* What to work on
Write out every entry, unchanged. Skip any picture.

* Working data
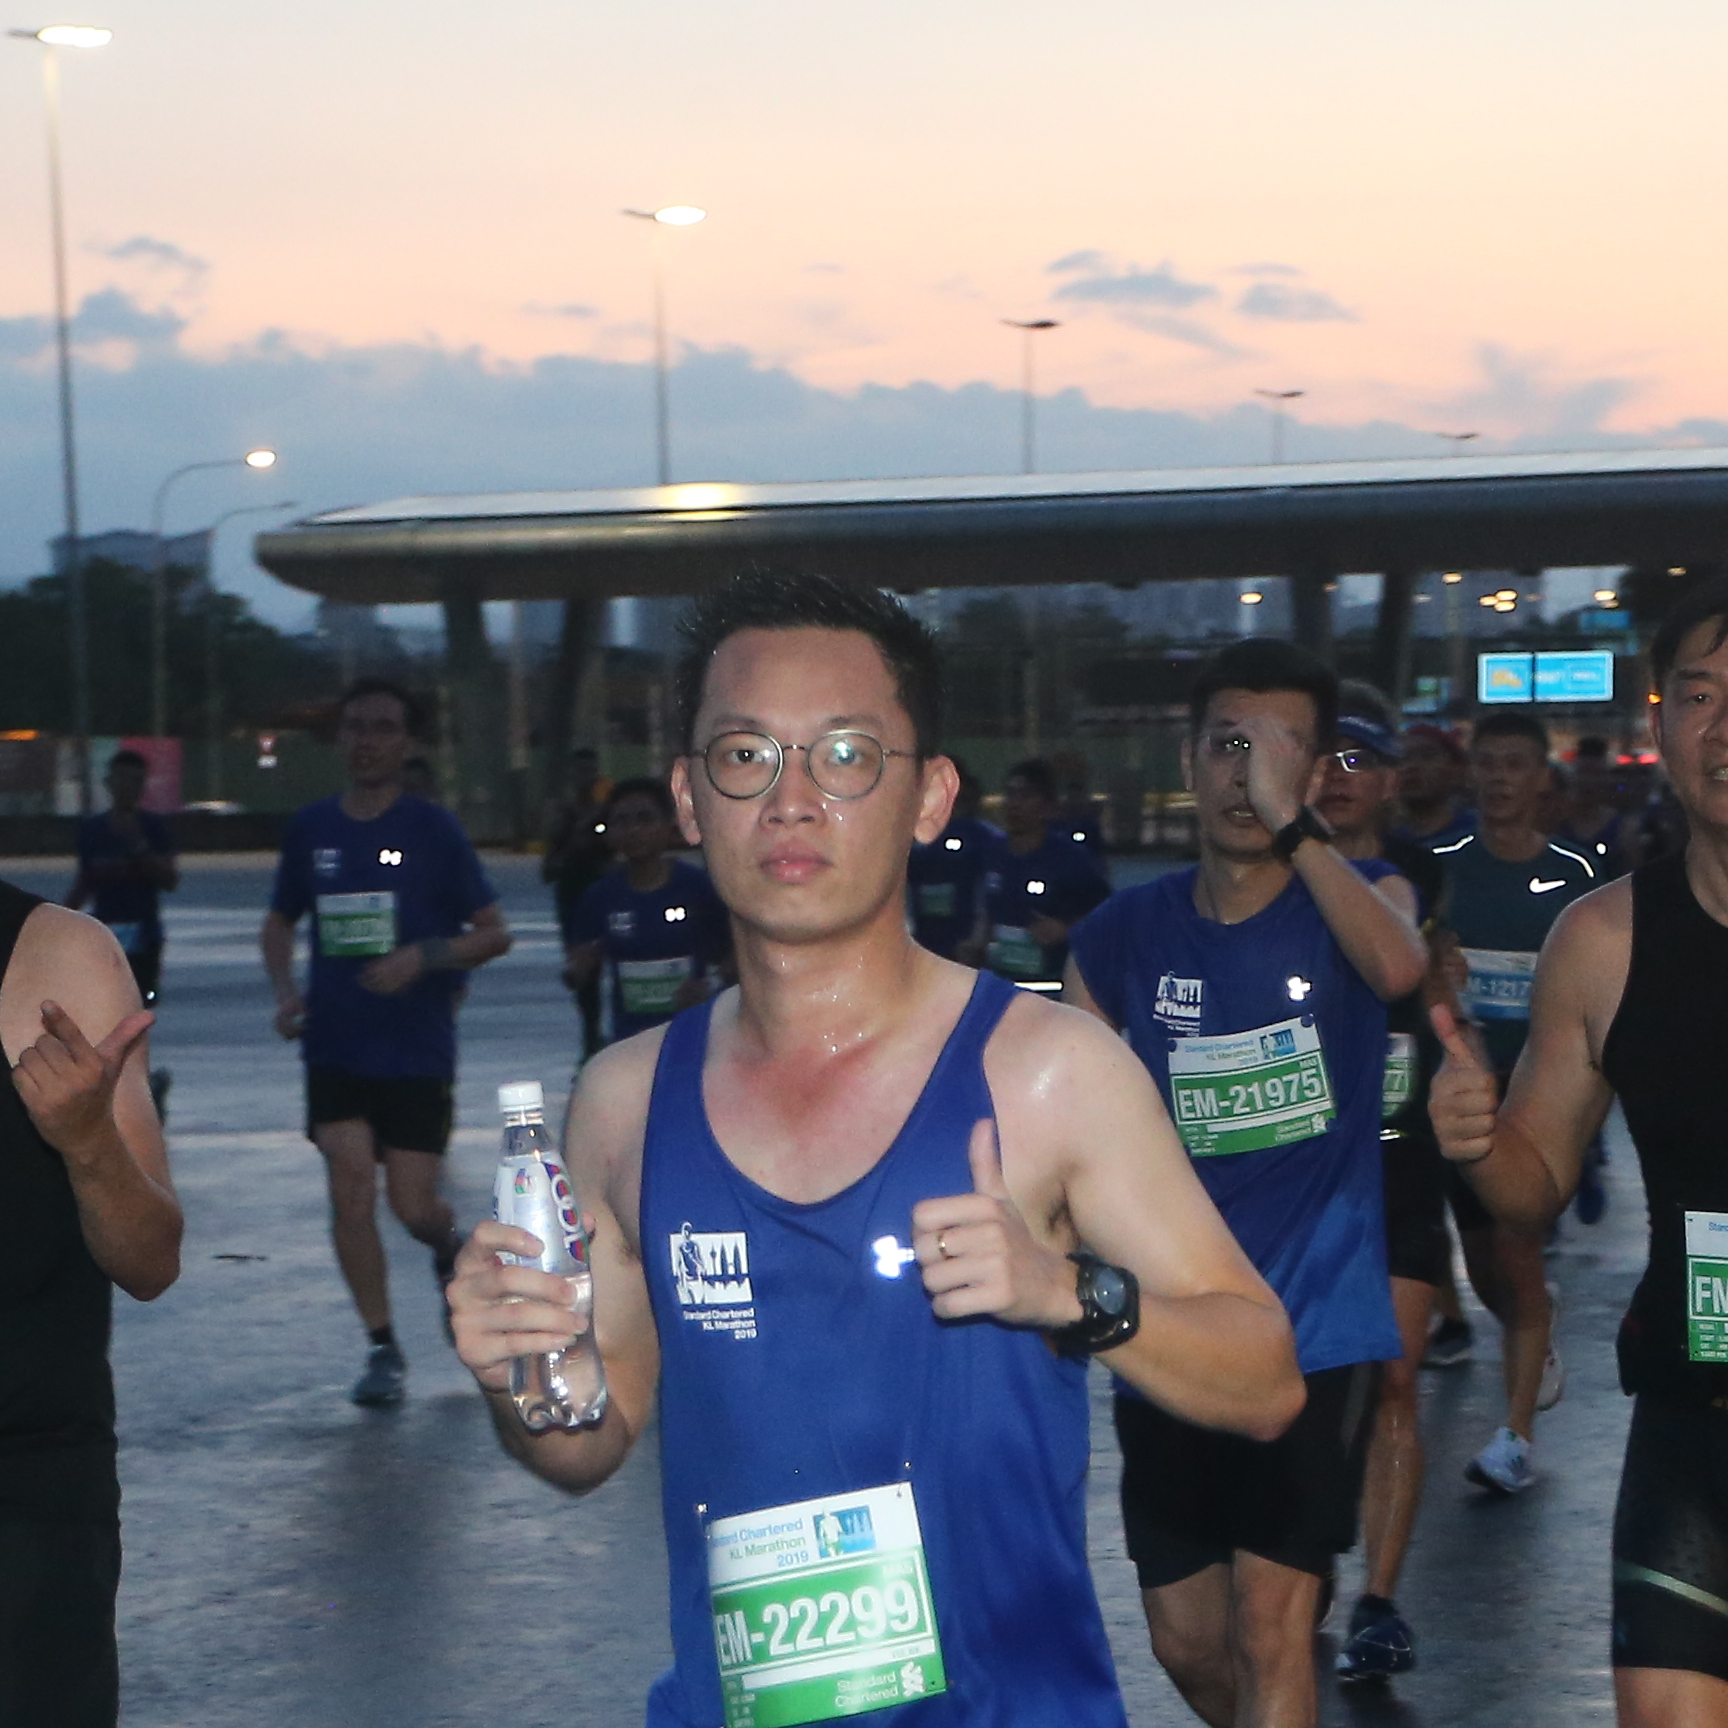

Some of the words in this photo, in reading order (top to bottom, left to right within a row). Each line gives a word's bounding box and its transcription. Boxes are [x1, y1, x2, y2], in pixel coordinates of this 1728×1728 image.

[1177, 1068, 1322, 1120] EM-21975
[739, 1518, 804, 1541] Chartered
[745, 1537, 807, 1557] Marathon
[777, 1550, 809, 1568] 2019
[716, 1579, 920, 1666] EM-22299
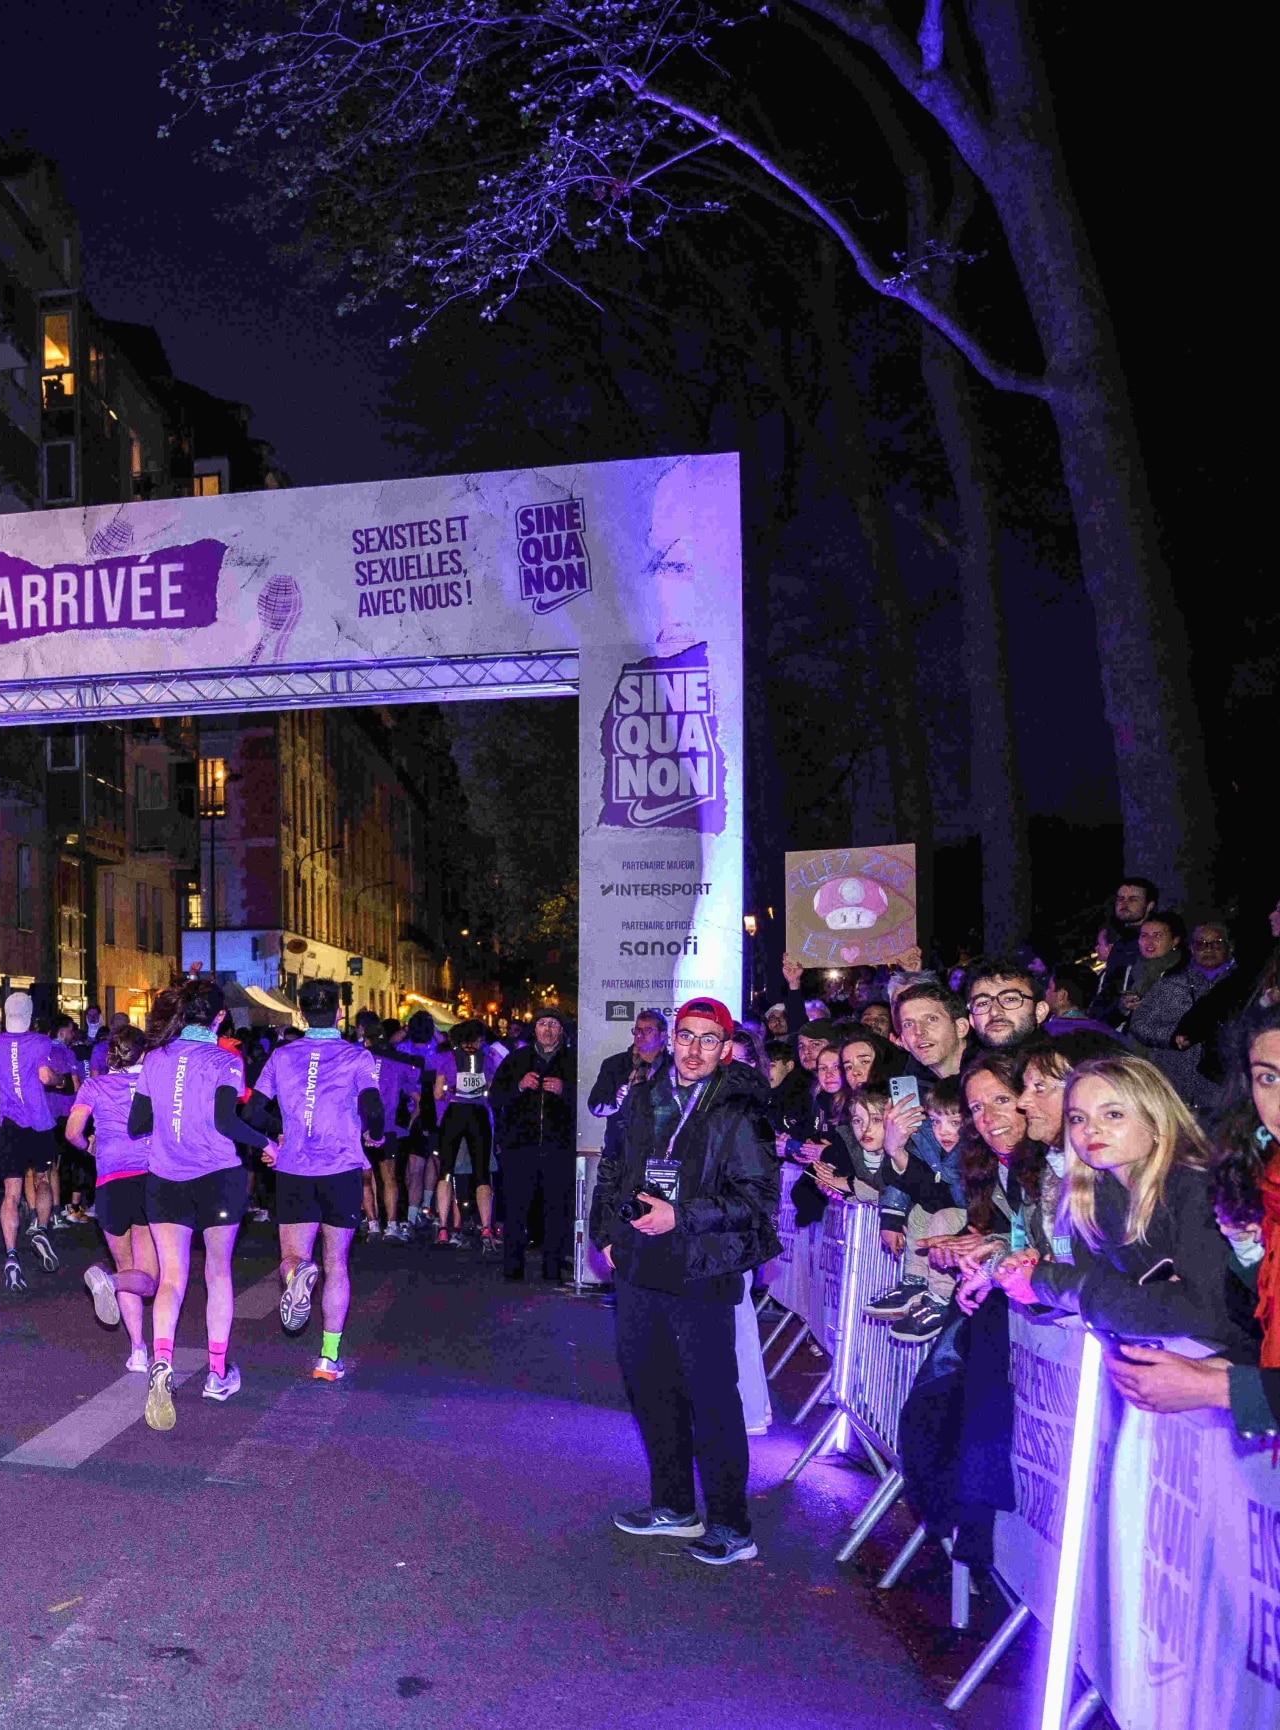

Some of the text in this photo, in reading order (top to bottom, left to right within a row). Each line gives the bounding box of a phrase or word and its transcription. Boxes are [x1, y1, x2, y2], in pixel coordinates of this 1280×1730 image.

* Task answer
Some of the words in this photo, in reading order (top to bottom, left to right within a row). Each line gives a word's bounding box and its transcription. Boxes are [x1, y1, x2, y2], in pixel coordinates of this 1728×1728 image.

[1177, 1068, 1322, 1120] EM-21975
[739, 1518, 804, 1541] Chartered
[745, 1537, 807, 1557] Marathon
[777, 1550, 809, 1568] 2019
[716, 1579, 920, 1666] EM-22299

Some of the text in this photo, in reading order (top to bottom, left to right within a row). Each line gives the bounding box of a phrase or word and its transcription. Boxes are [x1, y1, x2, y2], in pixel coordinates of this 1280×1730 image.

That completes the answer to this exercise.